§ Instructions to follow:
Retype the following records exactly and exclude the pictures.

§ Material to process:
- Opening Delimiter -
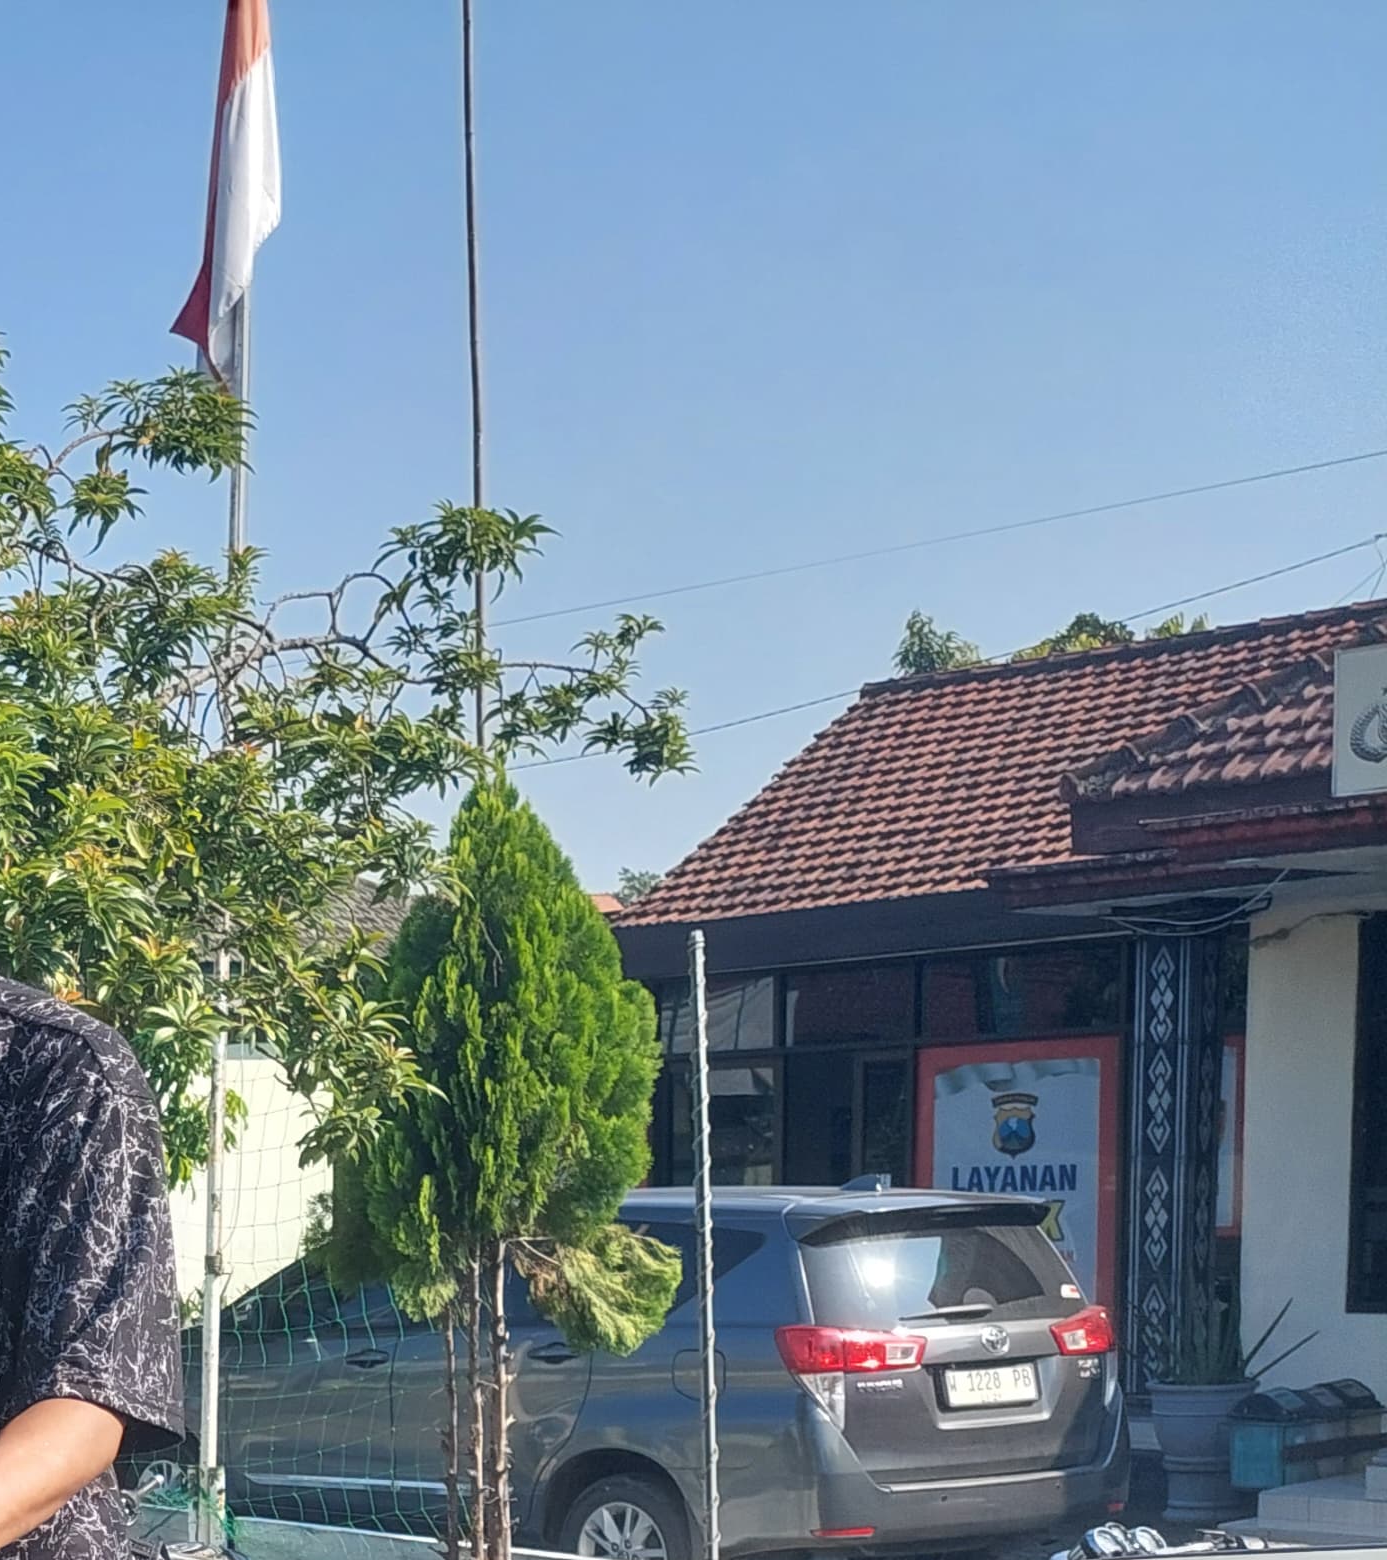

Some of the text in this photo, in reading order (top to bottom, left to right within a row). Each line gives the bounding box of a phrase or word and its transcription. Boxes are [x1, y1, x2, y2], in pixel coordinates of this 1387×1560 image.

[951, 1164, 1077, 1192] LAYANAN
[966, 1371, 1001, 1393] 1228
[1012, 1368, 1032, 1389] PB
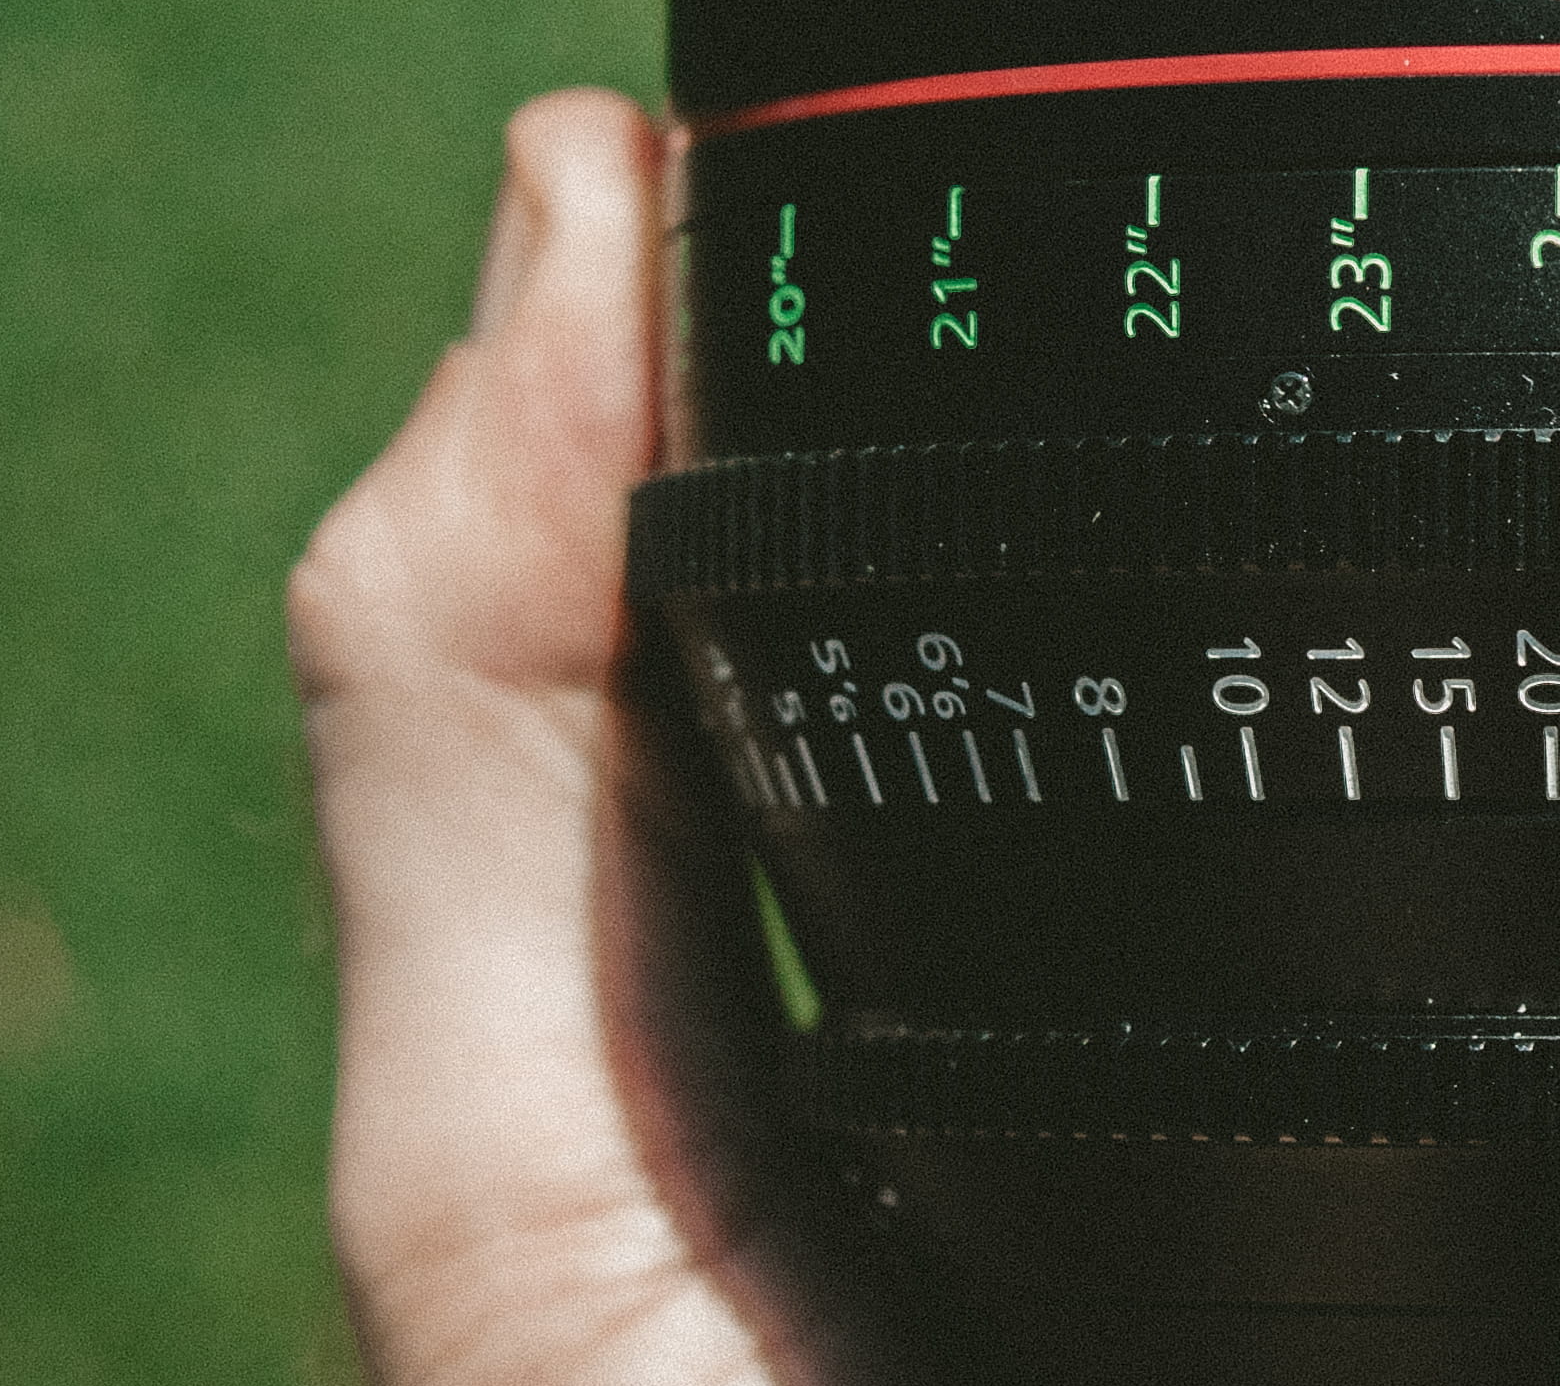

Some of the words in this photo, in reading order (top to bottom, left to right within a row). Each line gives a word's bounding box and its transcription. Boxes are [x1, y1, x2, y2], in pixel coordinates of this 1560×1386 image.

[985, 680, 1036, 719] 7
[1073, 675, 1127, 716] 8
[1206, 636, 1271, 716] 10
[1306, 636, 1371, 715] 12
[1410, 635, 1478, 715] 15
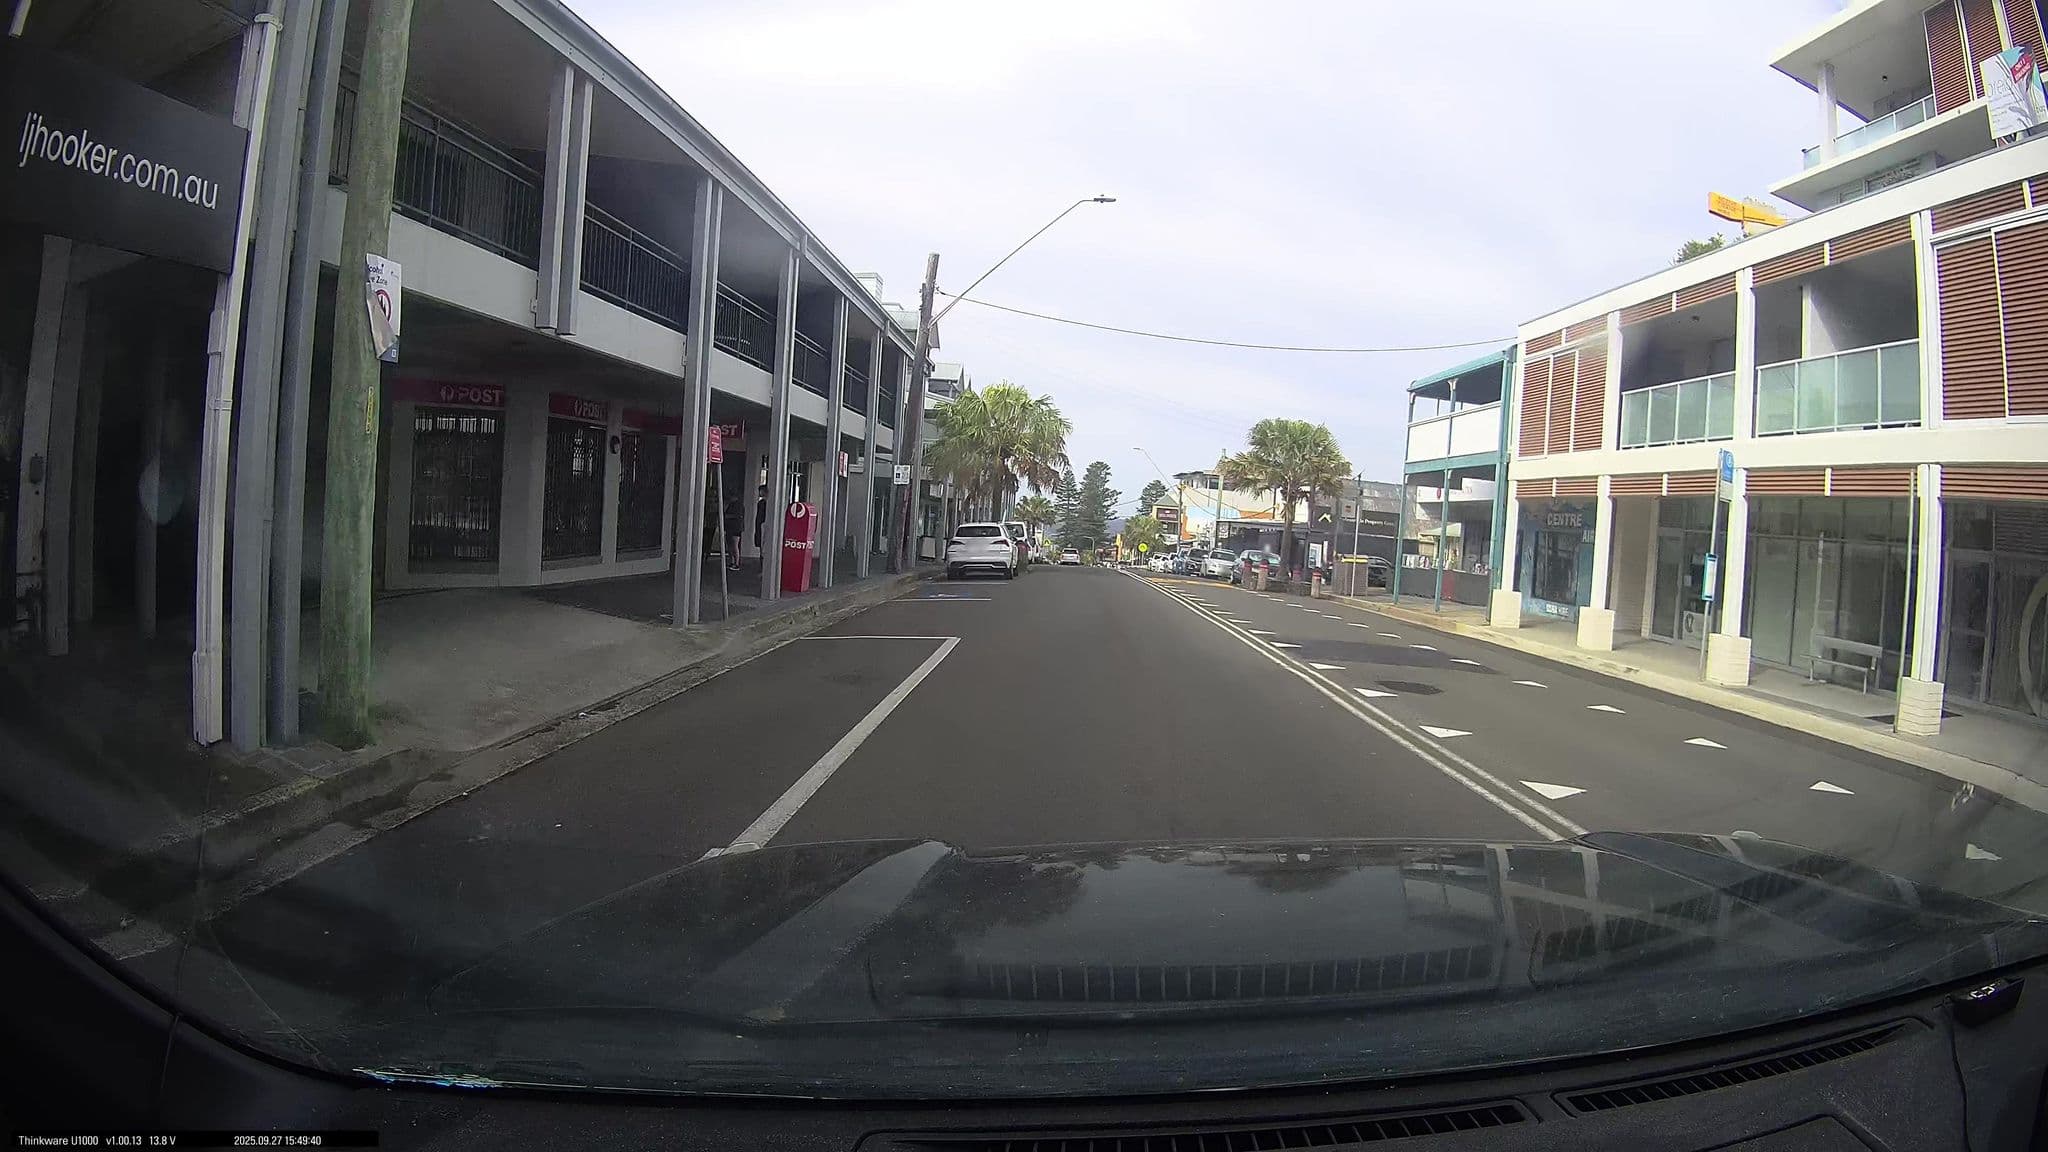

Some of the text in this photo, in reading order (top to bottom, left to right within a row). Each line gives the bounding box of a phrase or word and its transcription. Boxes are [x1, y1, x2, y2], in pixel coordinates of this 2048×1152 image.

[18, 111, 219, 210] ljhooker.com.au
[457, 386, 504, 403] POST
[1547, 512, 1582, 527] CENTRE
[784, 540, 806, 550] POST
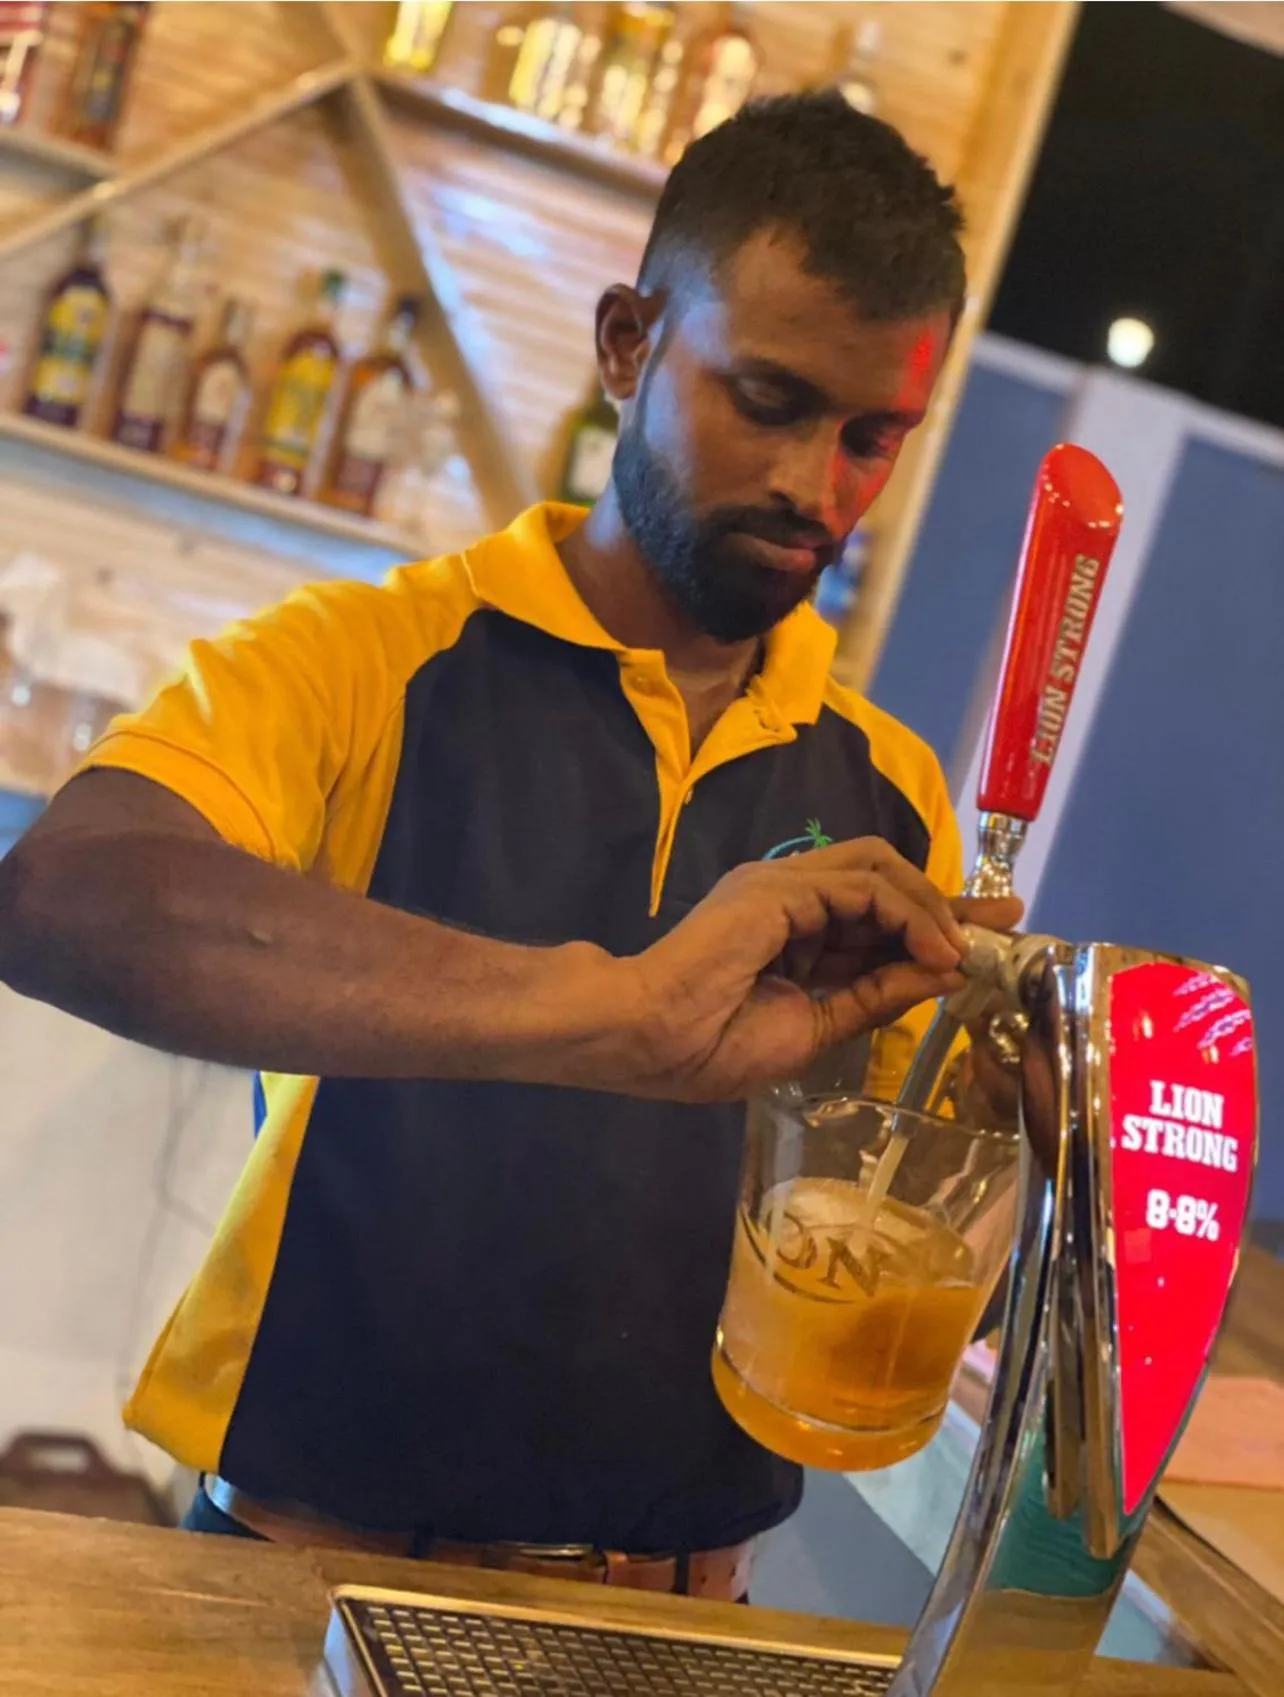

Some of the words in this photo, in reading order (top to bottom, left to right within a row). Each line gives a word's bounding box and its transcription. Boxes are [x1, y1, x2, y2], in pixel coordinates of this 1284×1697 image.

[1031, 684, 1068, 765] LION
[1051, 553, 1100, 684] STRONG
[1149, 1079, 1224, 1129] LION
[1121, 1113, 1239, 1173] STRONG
- Closing Delimiter -
§ Solved exercise:
Some of the text in this photo, in reading order (top to bottom, left to right within a row). Each line gives the bounding box of a phrase or word and its transcription. Boxes are [x1, y1, x2, y2], in pixel coordinates of this 1387×1560 image.

[951, 1164, 1077, 1192] LAYANAN
[966, 1371, 1001, 1393] 1228
[1012, 1368, 1032, 1389] PB

Some of the words in this photo, in reading order (top to bottom, left to right within a row). Each line gives a word's bounding box and its transcription. Boxes are [x1, y1, x2, y2], in pixel coordinates of this 1560×1386 image.

[985, 680, 1036, 719] 7
[1073, 675, 1127, 716] 8
[1206, 636, 1271, 716] 10
[1306, 636, 1371, 715] 12
[1410, 635, 1478, 715] 15

Some of the text in this photo, in reading order (top to bottom, left to right within a row). Each line gives the bounding box of a phrase or word and its transcription. Boxes are [x1, y1, x2, y2], in pixel coordinates of this 2048×1152 image.

[18, 111, 219, 210] ljhooker.com.au
[457, 386, 504, 403] POST
[1547, 512, 1582, 527] CENTRE
[784, 540, 806, 550] POST

Some of the words in this photo, in reading order (top to bottom, left to right within a row). Each line gives a word's bounding box and its transcription. Boxes are [x1, y1, x2, y2], in pixel coordinates of this 1284×1697 image.

[1031, 684, 1068, 765] LION
[1051, 553, 1100, 684] STRONG
[1149, 1079, 1224, 1129] LION
[1121, 1113, 1239, 1173] STRONG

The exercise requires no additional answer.